Her big break came in 1970 when she was cast opposite Diana Dors in an ITV sitcom called Queenie's Castle and then the mother in Ken Loach's film Kes. It was directly from them that Perrie was offered a role in Coronation Street. Initially the bubbly but acid tongued newcomer with bleached blond hair worked in Baldwin's textile factory. But in his autobiography the producer Bill Padmore wrote that: "Lynne injected the character with such a life it had to be expanded and made regular." Ivy and Vera Duckworth made a formidable duo when there were any industrial problems - as there often were.

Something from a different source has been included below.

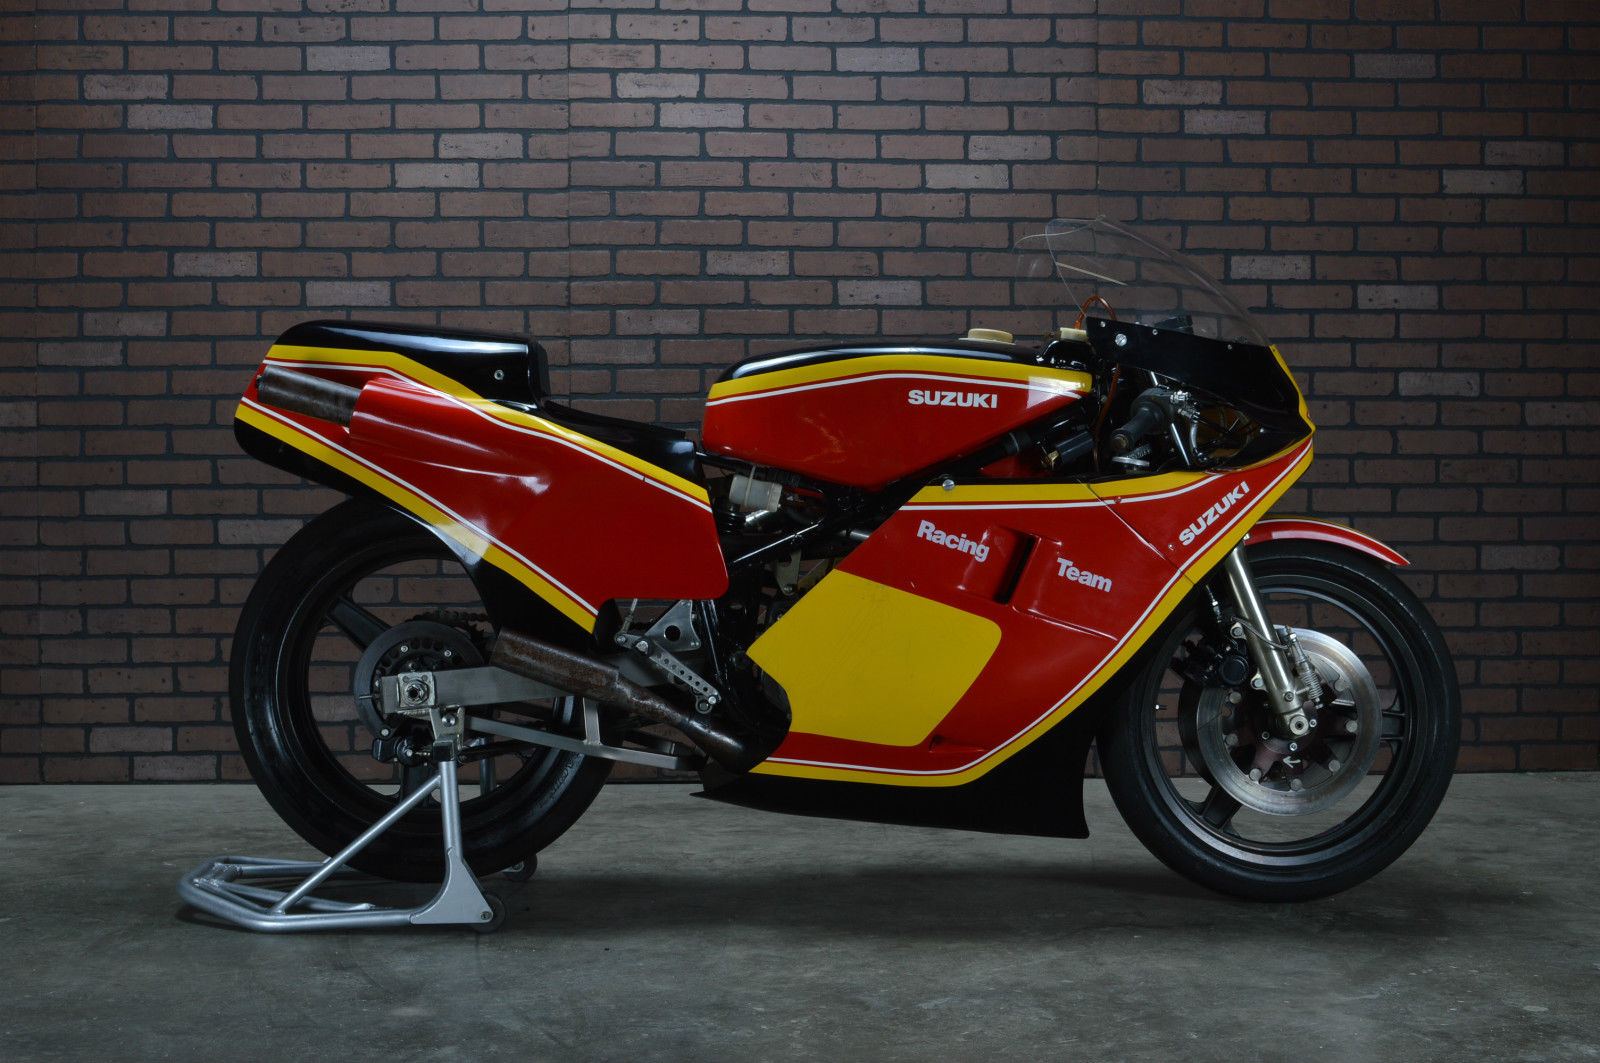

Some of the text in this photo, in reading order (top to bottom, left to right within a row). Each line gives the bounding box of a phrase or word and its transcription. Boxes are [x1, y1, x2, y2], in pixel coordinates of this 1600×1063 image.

[907, 389, 998, 409] SUZUKI
[1179, 480, 1250, 546] SUZUKI
[916, 519, 1113, 593] Racing Team

But it was on the home front that Ivy Tilsley won her spurs as Poison Ivy. Her strong Catholic beliefs put her in competition with her son, Brian, and his wife, Gail (Helen Worth). Gail had to become a Catholic in 1976 before the marriage and the plot got murky when they spent some months in Ivy's house. Tragedy and heartbreak was never far away from Ivy as her husband was killed and then Brian and Gail divorced in 1979 only to remarry in 1988. All unforgivable for Ivy.

Then in June 1989, Ivy married the taxi driver Don Brennan and their verbal fights about his infidelity and gambling lit up the Street for many months. Her voice rasped at anyone in the Rovers' Return and her annoying cackle irritated the entire population of Wetherfield. One famous line, spat out by Don, summed up their acrimonious marriage: "If my wife put her mind to it, she could find reasons why Joseph and Mary were unfit parents." However much the critics carped, Perrie created one of those strong domineering women so loved by "Corrie".

But Perrie's personal life went from bad to worse. She suffered much ill health and tragedy - cancer of the womb was followed by a serious car crash and then her son was diagnosed as HIV positive - all worsened by her own addiction to alcohol (she drank a lethal cocktail of brandy and Babycham) and gambling. This behaviour made her an unreliable colleague and when she turned up after the cosmetic surgery, Granada wrote her out of the Street.

Perrie then wrote her unfortunate book and in some desperation allowed Channel Four to make a dire programme, The Ghost of Ivy Tilsley, that depicted her making ends meet as a celebrity bingo caller in Blackpool. She appeared on a chat show, clearly very emotional, and sang I Will Survive. It was all very unsavoury.

She died of a stroke and her husband and son survive her.